A clear line can be drawn from the decisions made by a C-level IT official to the rest of the employees in the state government and on to the public at large. When a governor or chief information officer makes a policy decision or purchases a new computer system, it can change how the workers who rely on those systems do their work each day, which can then generate a downstream effect on the residents who rely on the work of those state employees, whether it’s to obtain basic information or receive help during an emergency.
While all CIOs are at risk of becoming detached from that reality, Massachusetts CIO Curtis Wood is acutely aware of it.
Appointed as Massachusetts CIO in June 2018, Wood brought with him more than two decades of experience working in public safety, including roles as undersecretary of the Massachusetts Executive Office of Public Safety & Security and a commissioner at the Massachusetts Department of Criminal Justice Information Services. Those roles, he told StateScoop in a recent video interview, made clear to him the tangible value of technology and his role in that chain of events.
“That career really prepared me for this, to really appreciate and understand the workforce out there and the criticality of really delivering real-time services to our state troopers, our police officers, our parole officers, probation officers, our correctional officers in a mission-critical environment, making sure our systems available 24/7/365,” Wood says. “Also making sure that we have the right mobile environment, they have access to the applications and the services they need.”
Emerging public-safety technologies in state government such as FirstNet, the nationwide data communications network for public safety officials now being deployed by AT&T, and next-generation 911, a network of digital multimedia-ready emergency call systems, are among the public safety systems recently falling under the providence of the chief information officer.
Wood says it’s critical the state provide proper support for all the tools and applications public safety workers need.
“And also from a shared services perspective, making sure we have the appropriate desktop support people. When the troopers are out on the highway, we’ve got to make sure that mobile environment works,” Wood says.
In Massachusetts, he adds, there are major events to prepare for, such as a Fourth of July gathering and the Boston Marathon, which in 2013 highlighted the utility of technology as police quickly tapped into surveillance footage to catch the Islamist terrorists who’d planted bombs that killed three and injured several hundred others.
To be the most effective, Wood says, it’s important to create a tight link between those who administer the technology and those who use it.
“[It’s] making sure our public safety IT people are actually part of that state police team or public safety team as first responders out there supporting those systems. Very, very critical,” Wood says.
Wood on his top priorities and projects:
“We’re focused on several major areas including cybersecurity, digital government, meaning we’re working on to really improve the experience of our constituents.”
Wood on digital services and mobility:
“On the digital service front over the last couple years we’ve focused on replatforming our Mass.gov environment, from an old clunky environment that was mostly posted documents, PDF files, we moved it into a new environment that gave it more portability, gave a better user experience to people, better navigation tools, more consistent feel and look for our folks.

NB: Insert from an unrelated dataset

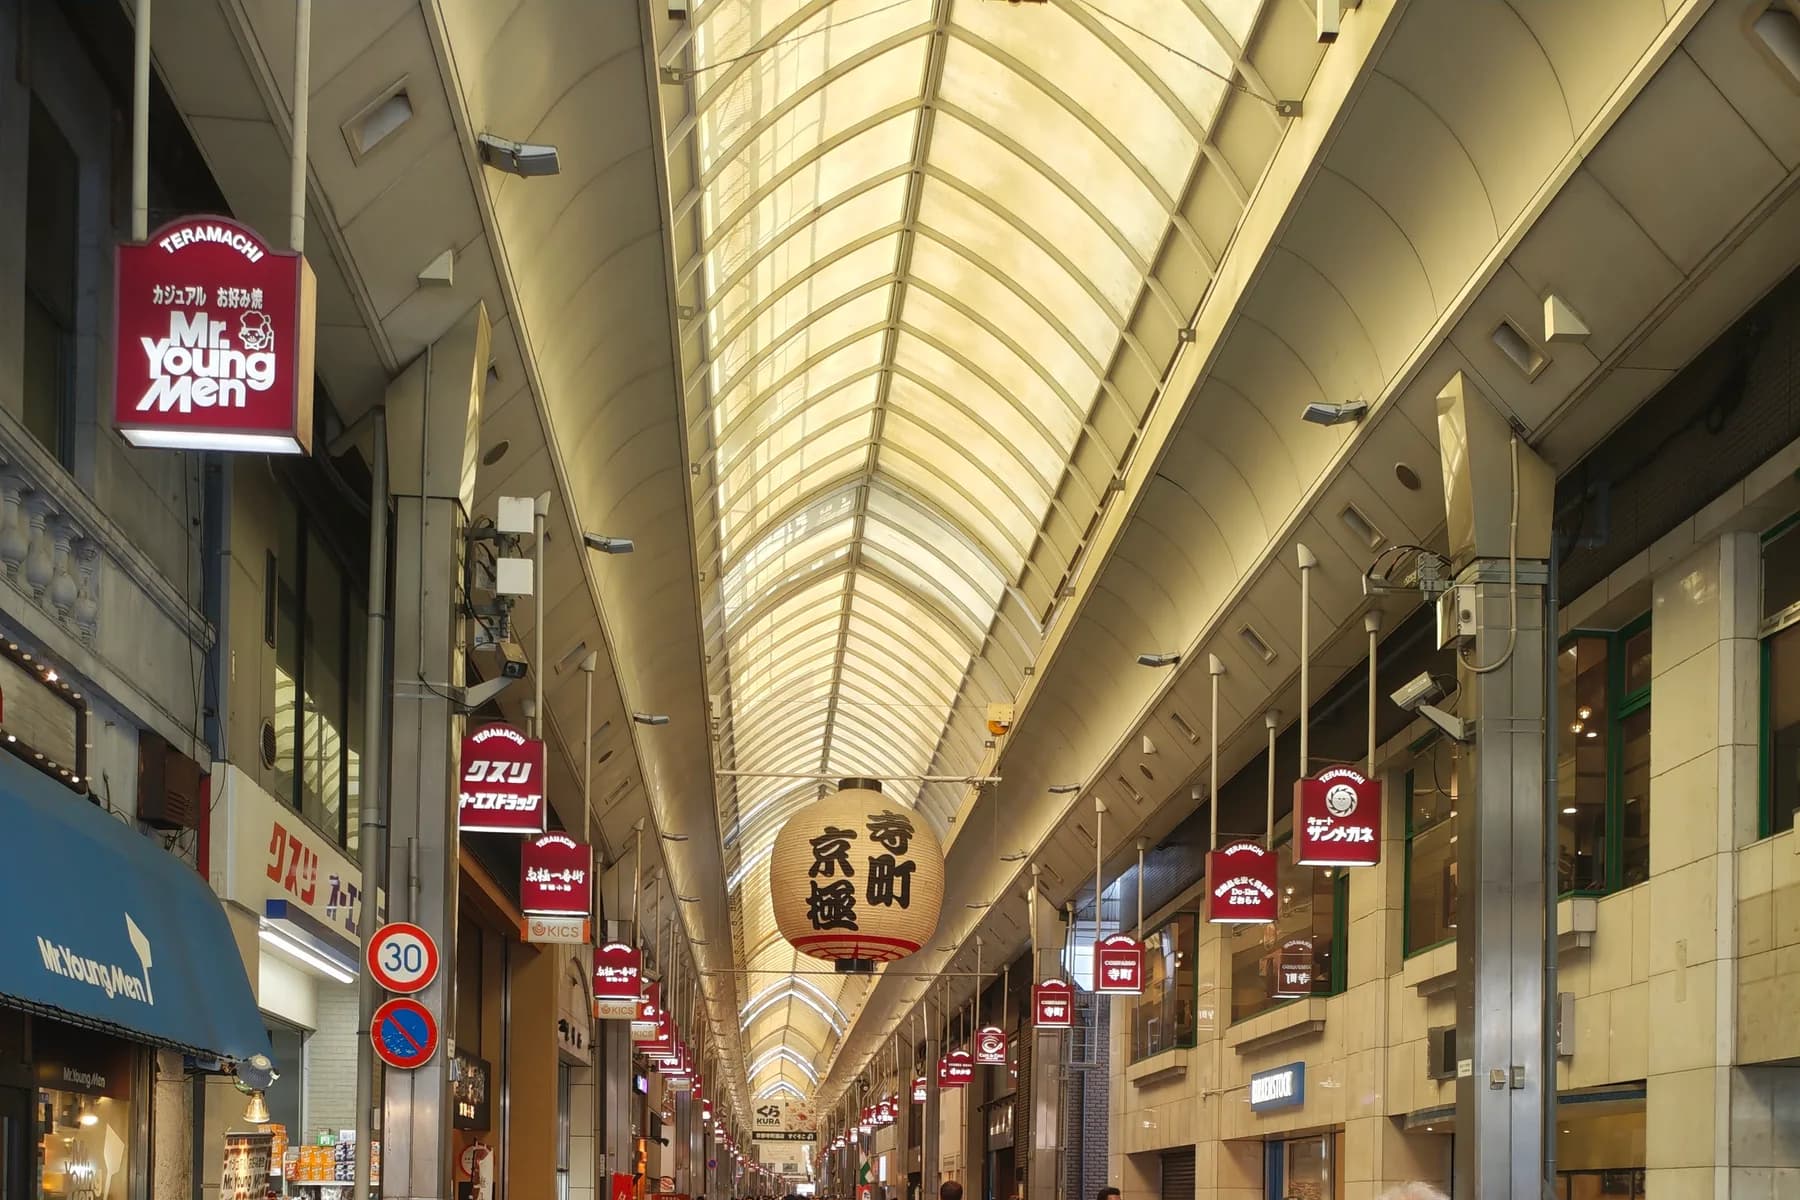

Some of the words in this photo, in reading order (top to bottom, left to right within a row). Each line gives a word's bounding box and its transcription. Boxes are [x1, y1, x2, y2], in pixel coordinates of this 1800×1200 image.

Wood on how he sees his role changing in the future:
“[I also want] to convince and keep working with that business to make sure they understand that they have a huge responsibility, a huge role here, from an ownership of the data, ownership of the business applications, the cybersecurity, making sure that we’re all working together to understand how critical the IT function is, but more importantly how it actually works within our business environment.”
These videos were produced by StateScoop at the National Association of State Chief Information Officers’ annual conference in Nashville, Tennessee, in October 2019.